The best and worst foods for skin

Here at our holistic approach to skin means we believe what you put in is just as important as what you put on.

Great skin is built on these fundamental basics:

1. Simple skincare solutions with no nasties

2. An internal supplement for optimum skin health

3. A balanced, healthy diet

The link between diet and skin

The foods you fuel your body with can either promote glowing skin or negatively affect its appearance. If you need convincing, the only proof you need that there’s a direct correlation between skin and diet is staring back at you in the mirror after a sugar laden weekend.

How long does it take for diet to show in the skin?

According to Food Coach NYC diet can show up in the skin from as little as two hours after consumption if you have undetected food sensitivity like gluten or dairy. While fried foods, sugar and alcohol generally surfaces within 12 hours.

To help you on your journey to complexion perfection, we’ve collated a list of the foods to steer clear of below.

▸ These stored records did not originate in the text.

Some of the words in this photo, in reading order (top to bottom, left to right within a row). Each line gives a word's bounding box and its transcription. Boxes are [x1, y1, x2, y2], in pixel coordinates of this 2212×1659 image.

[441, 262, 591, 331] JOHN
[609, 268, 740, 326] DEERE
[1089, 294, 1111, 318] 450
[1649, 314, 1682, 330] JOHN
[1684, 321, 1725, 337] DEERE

The worst foods for your skin


Surprise, surprise…sugar is not your skin’s friend. Foods rich in sugar, particularly of the refined variety, cause the body's insulin levels to spike and can result in skin inflammation. But it’s not just your waistline affected – if you’re chasing the fountain of youth be warned: regular consumption of sugar breaks down collagen and elastin, which can lead to crow’s feet and fine lines. Collagen is also the natural protein that promotes plump and supple skin so retaining as much as possible is key for a youthful glow.

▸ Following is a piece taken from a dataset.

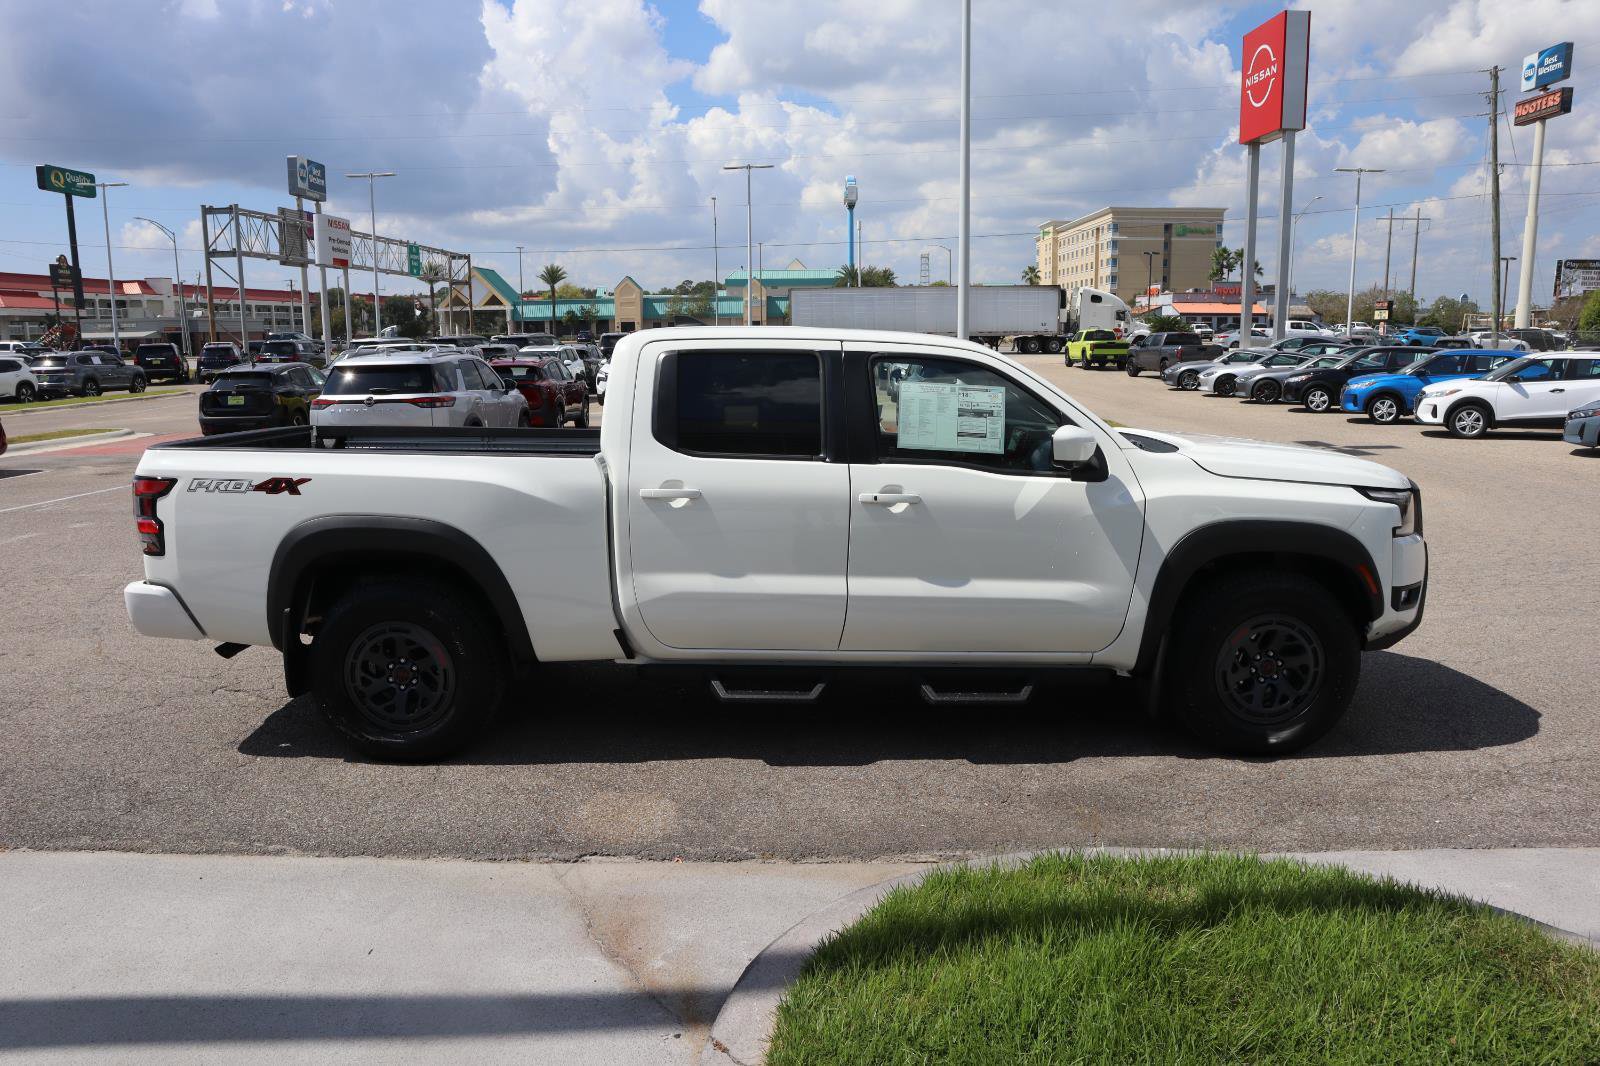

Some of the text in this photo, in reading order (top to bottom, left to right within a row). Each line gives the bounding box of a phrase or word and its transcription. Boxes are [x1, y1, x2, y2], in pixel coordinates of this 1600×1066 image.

The white stuff isn’t the right stuff to keep wrinkles at bay. The maximum daily amount of salt recommended for adult New Zealanders is about 6g (2300mg sodium). That's about 1 teaspoon from all food sources. Any more than the daily recommendation can lead to high blood pressure, which can weaken the skin by affecting collagen networks. Diets high in sodium will be more prone to wrinkles, especially in thin-skinned areas like around your eyes.

High glycemic foods

You know those fries you ate over lunch? They’ll probably show up on your face too. Foods with a high glycemic index (GI) trigger blood sugar levels to rise at a rapid rate, giving you a sugar rush. A food's GI indicates the rate at which the carbohydrate in that food is broken down into glucose and absorbed from the gut into the blood. Foods with a high GI, 70 or higher, can cause inflammation in the skin which can lead to breakouts. Starchy foods such as white bread, pasta and cake are considered high glycemic and can exasperate skin conditions like acne and eczema. Even worse are fried carbohydrates as they alter the cell membrane structure, making it harder for skin cells to eliminate waste. If you're unsure of a food's glycemic level, consult the glycemic index (GI) – carbohydrates with a ranking of 55 or less are considered low GI and cause a lower and slower rise in blood glucose.

Spicy food

While not a trigger for everyone, spicy foods are a common skin sensitivity. Spicy food generates heat (obviously) so naturally it can lead to inflammation or redness in the skin. Those sensitive to spicy foods will find their blood vessels in the skin dilate, making their skin flare-up, flush and rise in temperature. Broken capillaries are also a common sign of a diet high in spice. There are obvious offenders like curry and hot sauce but watch out for less evident offenders like tomato and barbecue sauce, mustard, red capsicum and vinegar.


A few cocktails later and you may be *happy and you know it* but your skin won’t be. If your skin is on the sensitive side you might even noticed the effects immediately: redness, blotchiness and hot to touch. It’s important to re-hydrate after drinking alcohol - and not just a few glasses when you get home, you need to consistently hydrate the next day too.


Arguably skin’s worst enemy is dairy. Dairy is one of the most prominent skin aggravators, changing how testosterone and oestrogen is regulated in the body. Dairy is also often full of skin-disrupting hormones that can further imbalance your own. Try to cut down on milk, cheese, yoghurt and ice cream.

“Anti-Ageing Foods”

Thankfully there is good news when it comes to diet too. While your food choices could be wreaking havoc on your skin, the right foods could help revive it! According to new research, certain foods can help slow down the ageing process and restore that coveted youthful glow. One health and wellness expert, Dr Vincent Candrawinata, says this is because certain foods assist in the rejuvenation of our cells – and that includes skin cells.

Vitamin and mineral rich foods: fruits and vegetables like spinach, broccoli, pineapple and watermelon are rich in essential in essential nutrients.

Healthy fats: Nuts, avocado and coconut oil are all good fats brimming with anti-inflammatory omega-3’s, which can help to ward of signs of ageing.

Protein: Protein-rich foods will boost collagen production and keep skin firm and smooth. Red meat, fish and eggs are great sources of protein while tofu and legumes are best for plant-based diets.